*Exercise objective*:
Please repeat each line below exactly, with no images in the copy.
==== Provided records ====
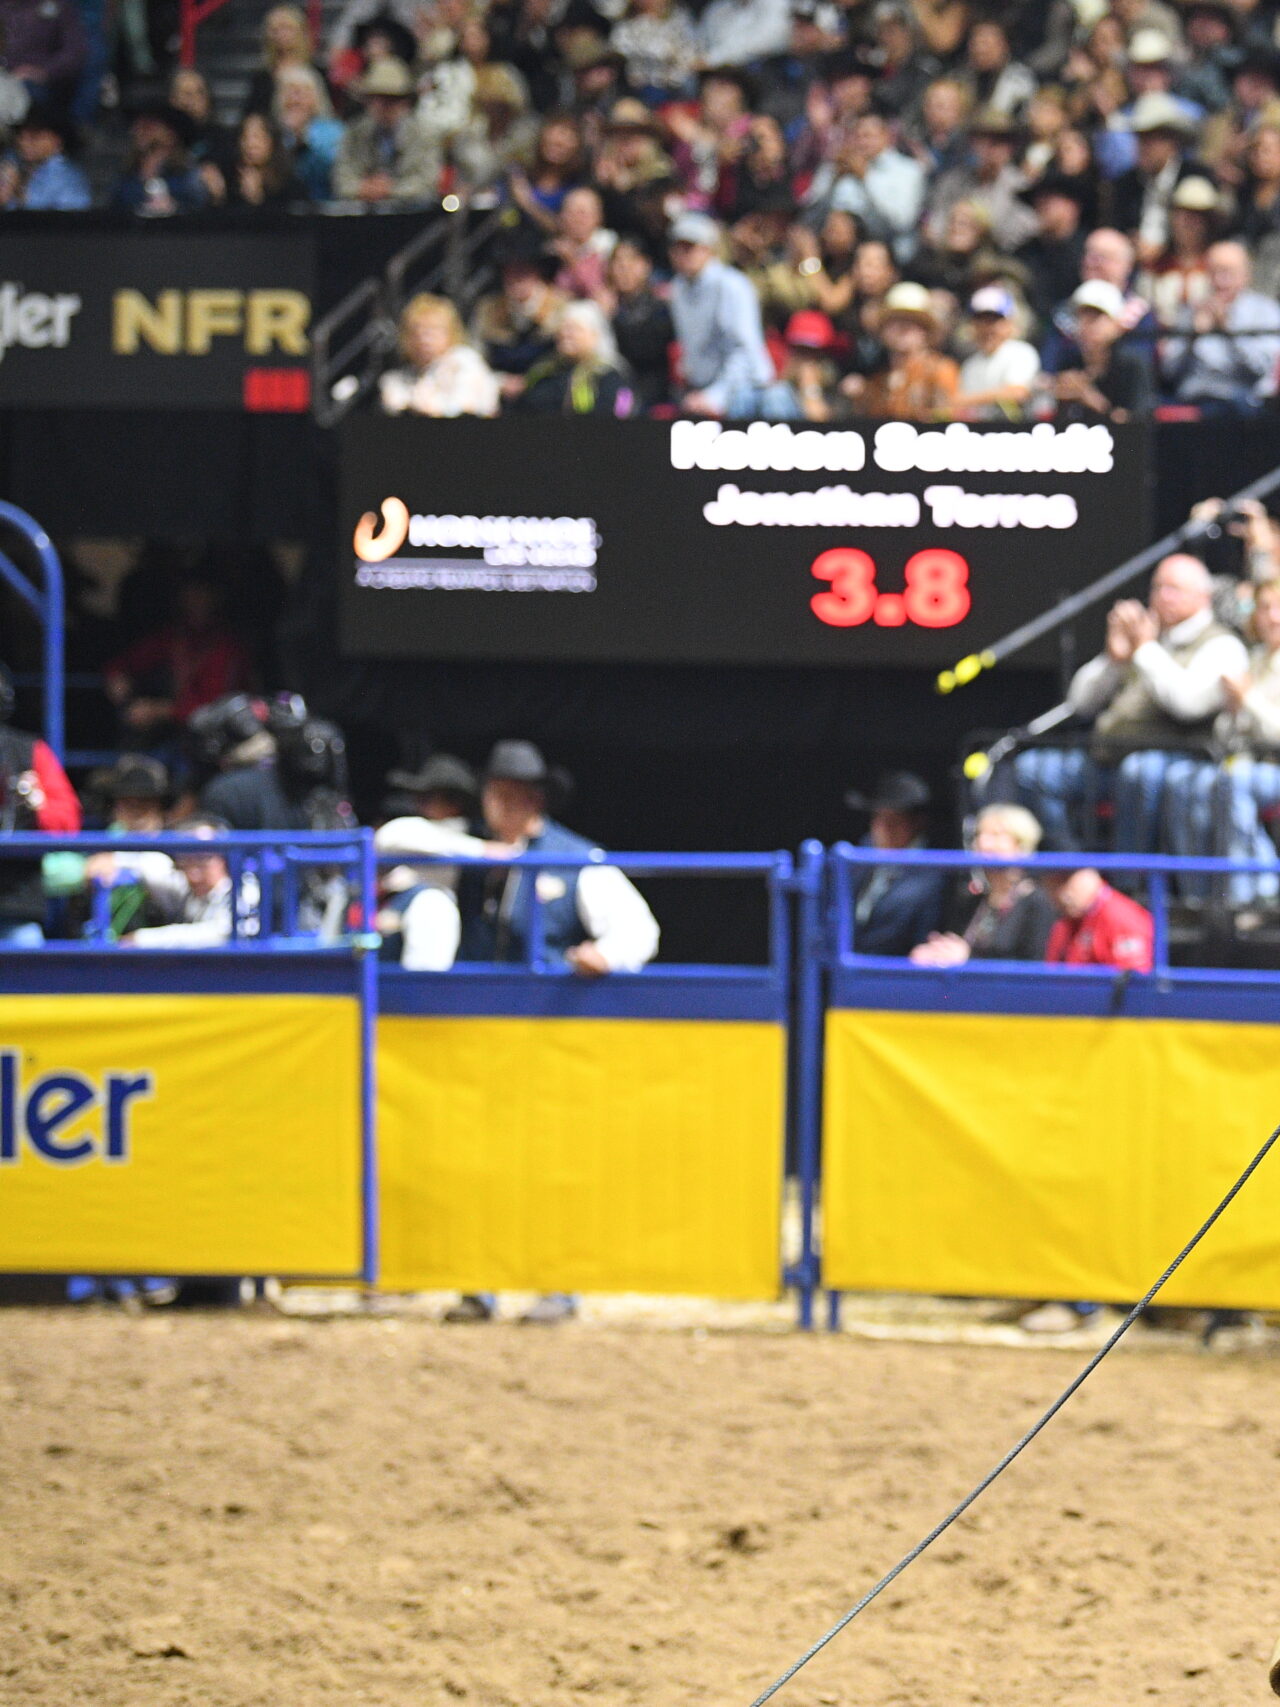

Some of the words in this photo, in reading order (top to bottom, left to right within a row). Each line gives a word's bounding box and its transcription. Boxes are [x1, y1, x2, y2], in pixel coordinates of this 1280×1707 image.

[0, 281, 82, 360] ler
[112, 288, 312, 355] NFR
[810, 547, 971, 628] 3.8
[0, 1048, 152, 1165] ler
====
*Task result*:
Some of the words in this photo, in reading order (top to bottom, left to right within a row). Each line gives a word's bounding box and its transcription. Boxes are [x1, y1, x2, y2], in pixel coordinates of this 1280×1707 image.

[0, 281, 82, 360] ler
[112, 288, 312, 355] NFR
[810, 547, 971, 628] 3.8
[0, 1048, 152, 1165] ler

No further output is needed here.